What modern care models can learn from traditional project management
Posted by Jay on
A traditional Care Model assumes:
Scheduled appointments in exam rooms
Documented oral conversations in the form of notes in an EMR that patients do not have access to
85% of the content in oral conversations in exam rooms are forgotten by patients
Radio silence in between visits
The traditional care model is inconvenient for patients and highly ineffective at managing care. A clinician’s job is to strategize, educate, and inspire. If they only have 15 minutes every quarter to learn about you, teach you about your condition, and inspire you to change your everyday habits, and 85% of what clinicians say is forgotten, traditional clinicians are 15% good at educating and inspiring you. And let’s face it, for chronic conditions, the patients are the ones doing the hard work every single day of their lives to change their health for the better. If you got only one hour a year to meet with your work colleagues to deliver on a life or death project at work, you simply wouldn’t be able to deliver anything. Yet, this is how healthcare is set up all around the world.
Traditional care models are powered by traditional EMRs. The core architecture and technology of those EMRs were born in the last century prior to the invention of cloud computing and online collaboration. The core assumptions of traditional EMRs are:
Care will be delivered in-person via 1:1 oral conversations in exam rooms
Care must be documented in traditional SOAP note formats to document “here’s what happened today” and any activity that happens outside of today requires another note.
Patients will have no significant access to information beyond the basics.
Patients are not core members of the project team.

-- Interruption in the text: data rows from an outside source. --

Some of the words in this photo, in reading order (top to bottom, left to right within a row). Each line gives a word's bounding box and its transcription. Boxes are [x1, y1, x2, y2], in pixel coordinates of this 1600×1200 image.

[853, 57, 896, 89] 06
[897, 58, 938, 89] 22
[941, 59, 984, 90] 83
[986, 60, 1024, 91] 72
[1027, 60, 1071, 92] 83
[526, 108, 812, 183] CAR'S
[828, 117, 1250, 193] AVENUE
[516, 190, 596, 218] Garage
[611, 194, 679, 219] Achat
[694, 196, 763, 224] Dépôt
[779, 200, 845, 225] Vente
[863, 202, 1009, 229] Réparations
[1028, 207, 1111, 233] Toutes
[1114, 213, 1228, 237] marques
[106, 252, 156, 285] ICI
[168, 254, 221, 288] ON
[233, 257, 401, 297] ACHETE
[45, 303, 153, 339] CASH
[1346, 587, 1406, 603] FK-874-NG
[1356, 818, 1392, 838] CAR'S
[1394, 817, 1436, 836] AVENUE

The tools are designed exclusively for clinical staff.
Beyond basic 20th century email-like messaging, patients cannot significantly contribute to the source of truth despite being the most important human in the project.

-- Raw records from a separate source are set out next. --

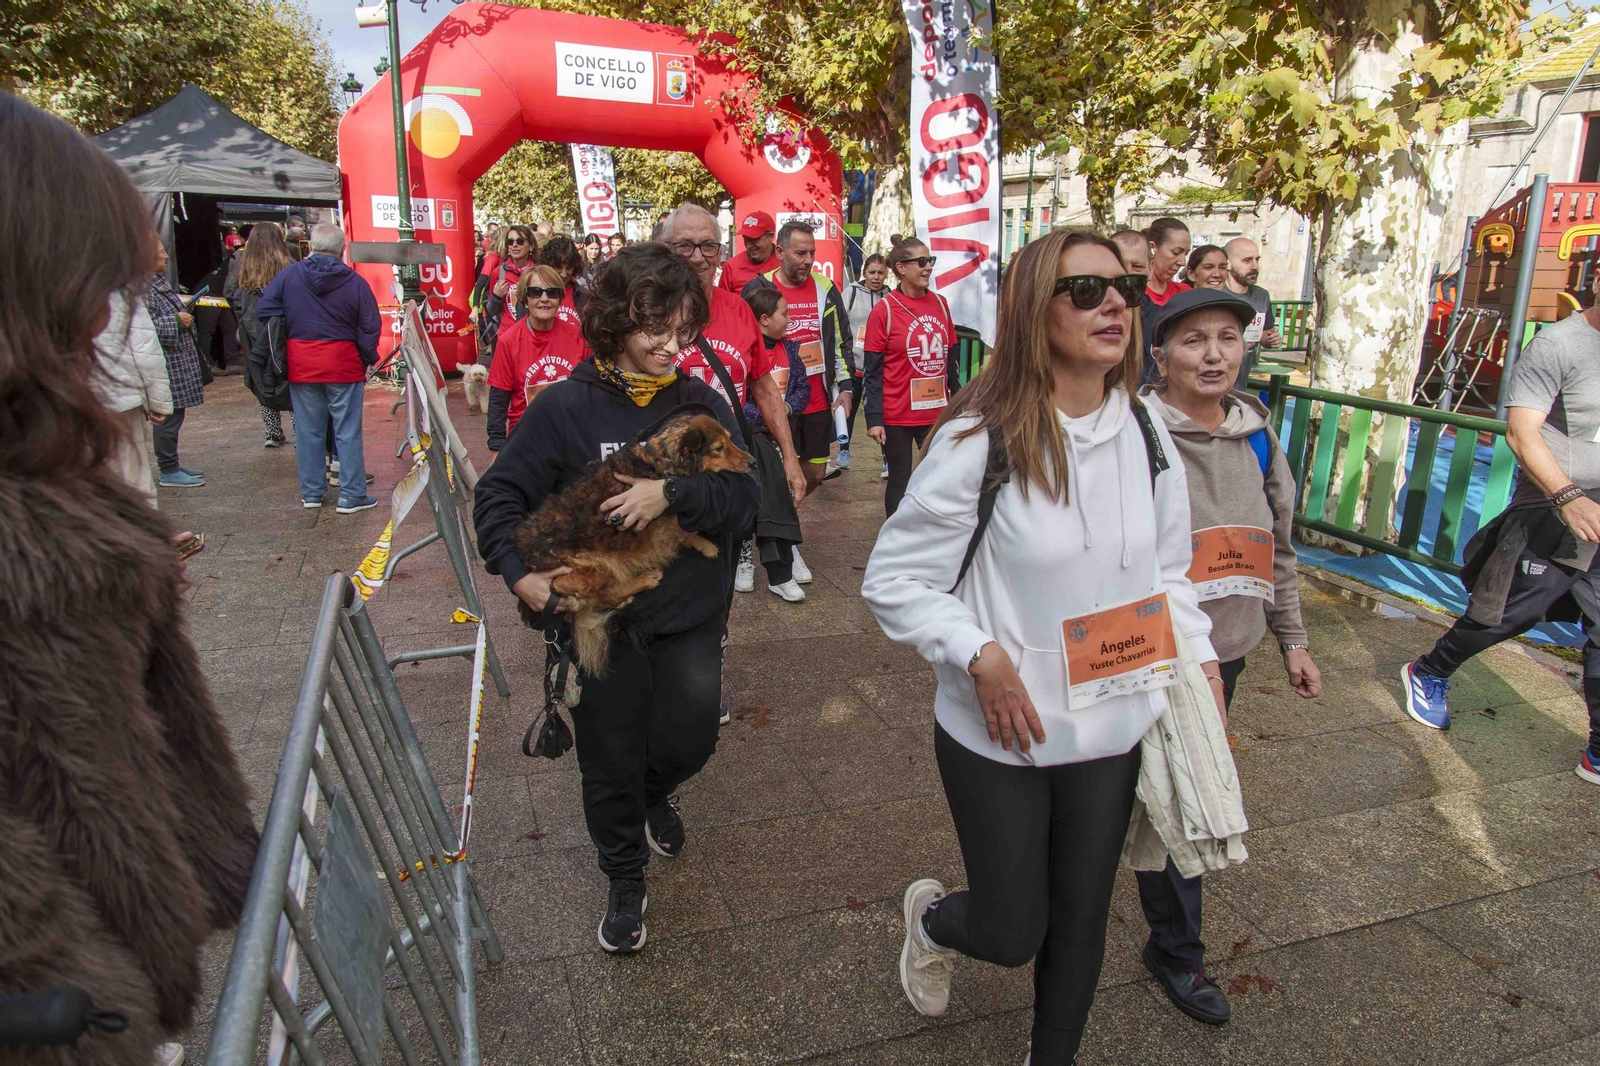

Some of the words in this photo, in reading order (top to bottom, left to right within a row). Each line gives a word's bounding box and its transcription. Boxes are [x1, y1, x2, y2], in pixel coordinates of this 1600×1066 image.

[921, 0, 939, 81] depo
[564, 54, 646, 74] CONCELLO
[575, 72, 595, 87] DE
[600, 74, 637, 90] VIGO
[920, 93, 990, 290] VIGO
[376, 203, 430, 213] CONLLO
[383, 213, 396, 221] DE
[426, 309, 454, 319] ellor
[391, 318, 454, 333] dorte
[917, 333, 944, 361] 14
[1148, 424, 1163, 459] Quechua
[1217, 550, 1243, 561] Julia
[1208, 562, 1233, 573] Besada
[1235, 562, 1254, 570] Brao
[1135, 600, 1163, 620] 1389
[1101, 635, 1146, 655] Ángeles
[1089, 658, 1115, 671] Yuste
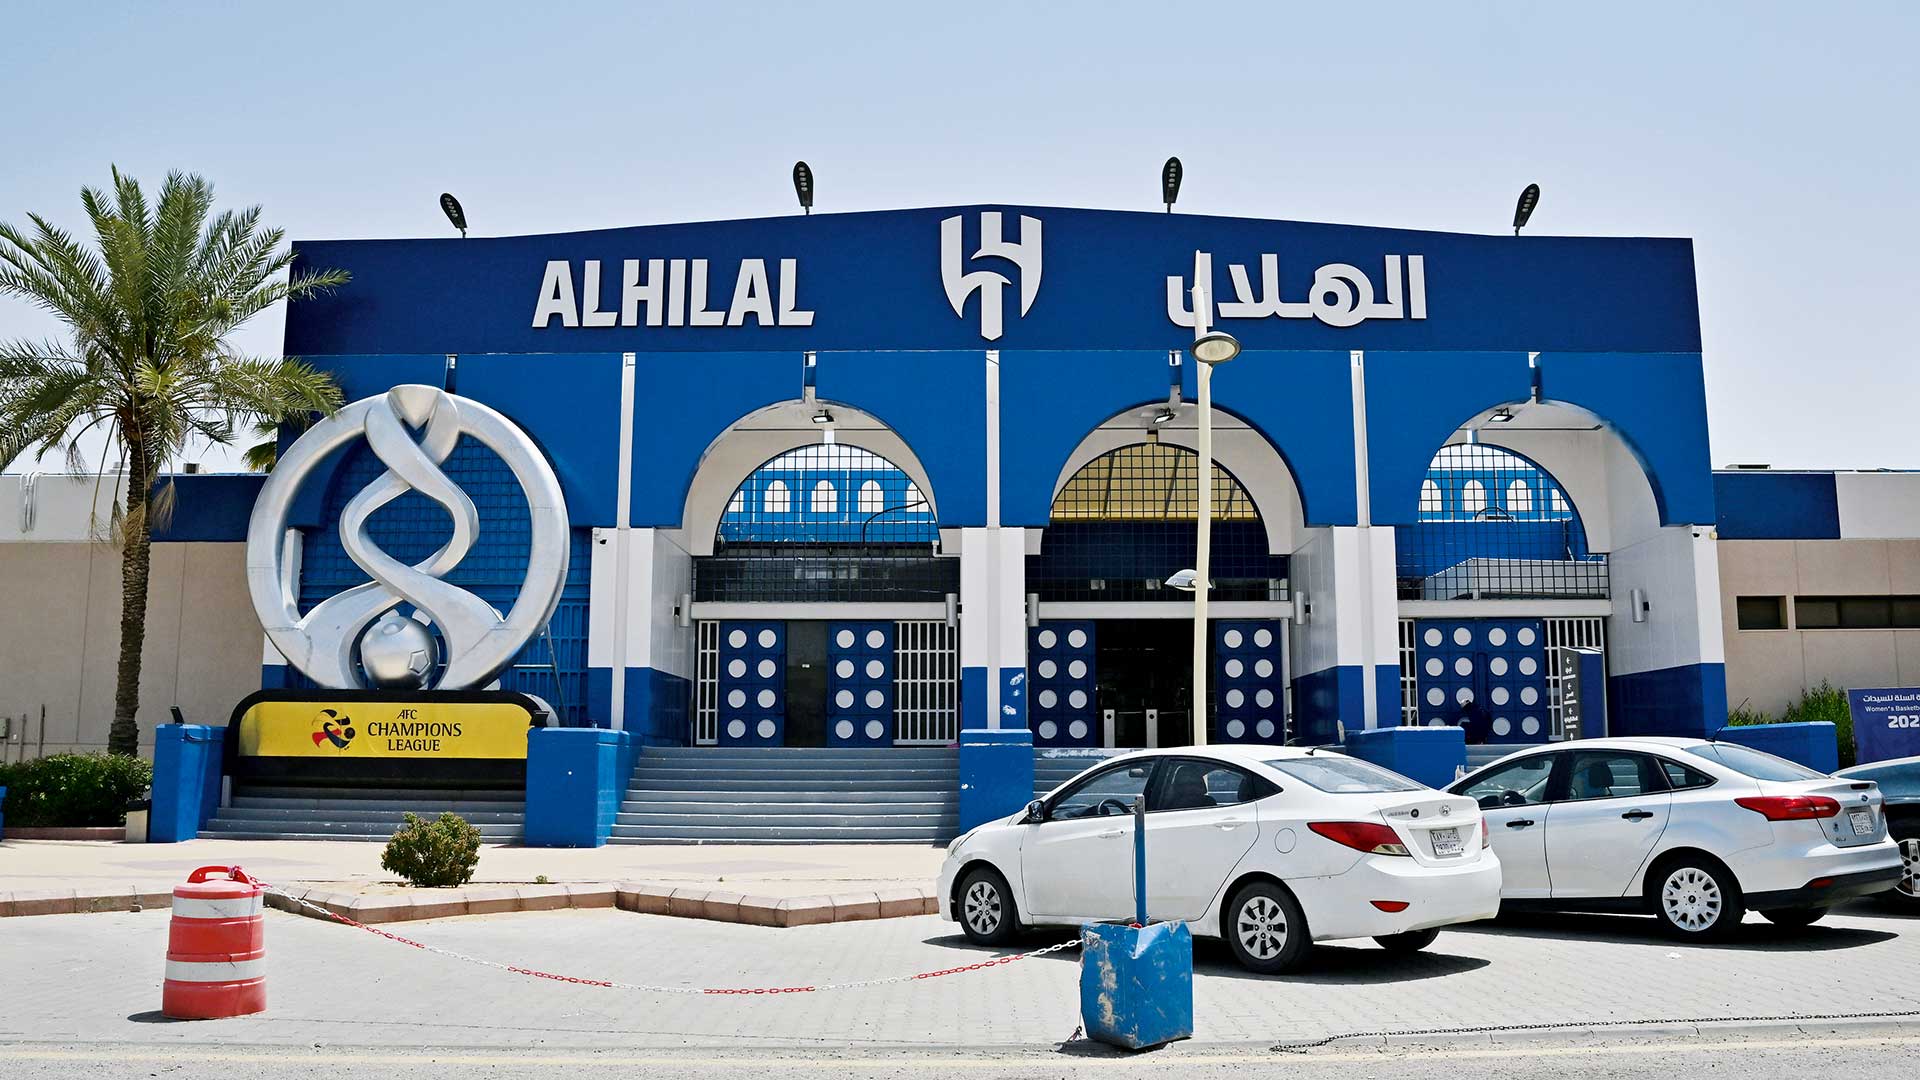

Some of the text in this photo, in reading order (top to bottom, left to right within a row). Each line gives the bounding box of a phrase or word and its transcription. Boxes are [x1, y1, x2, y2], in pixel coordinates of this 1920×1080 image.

[531, 258, 815, 328] ALHILAL
[1166, 252, 1427, 328] الهلال
[397, 709, 418, 720] AFC
[1888, 715, 1920, 728] 202
[367, 722, 462, 737] CHAMPIONS
[388, 739, 441, 751] LEAGUE

The clinical notes inside them have major duplication issues as the “stories” are templated to speed up each visit’s documentation.
The data inside EMRs should be taken with a grain of salt because they are designed to maximize revenue, creating truthiness issues.
Other industries have figured out how to deliver on very complicated projects that take years to develop with multiple teammates scattered throughout the world across many different time zones and cultures. The ridiculously complicated platform you’re reading this on was very likely developed in this manner. That’s because those teams have:
Team leaders setting the vision and plan
Purpose-built collaborative project management platforms
Individuals who embrace that way of working
Easy online communication within the projects
Project management principles and the software to enable them are now ubiquitous in the world. They’ve got a few decades of development under their belt. If healthcare adopted these principles and treated every condition as “projects to be managed,” managing chronic diseases over time via novel care models could drastically improve our nation’s health. Managing chronic conditions needs a fundamental rethink. So, let’s analyze the features of today’s project management (see Basecamp or Jira if you need a good overview)
It’s team-based and collaborative
There is a team leader building the outline of the project
Asynchronous, online communication is the main form of communication.
Every moving part is scheduled, tracked, and organized by stage of development
Tasks are assigned to the appropriate team member
Birds eye view of the progress of the entire project
Integrates with hundreds of external services/apps
Single source of truth for all team members
The features of the technology that powers modern care models must be based on these project management principles. This means that modern care models have:
A team-lead (typically a clinician setting strategy and goalposts)
A collaborative team that augments all roles
A patient who can easily contribute to the single source of truth
Easy, primarily asynchronous communication and “meetings” when necessary
Assigned tasks with statuses
Birds eye view of the entire condition being managed
Securely integrating with other online platforms
By far, the biggest difference between traditional project management and health condition project management is the number of projects being managed. For traditional teams building, say, a new feature at twitter, they are members of 2 or 3 projects in their project management tools. But, for a provider serving as “team lead” for 1,500 patients, each with a few conditions that need to be managed, it’s easy to imagine being overwhelmed. That’s why the secret sauce of modern care model platforms needs to be a set of features that help all members of the care team manage 1,500 projects at once. It’s a firehose of activity that needs insane amounts of structure and intelligence. And traditional EMRs are by no means set up to manage this kind of activity.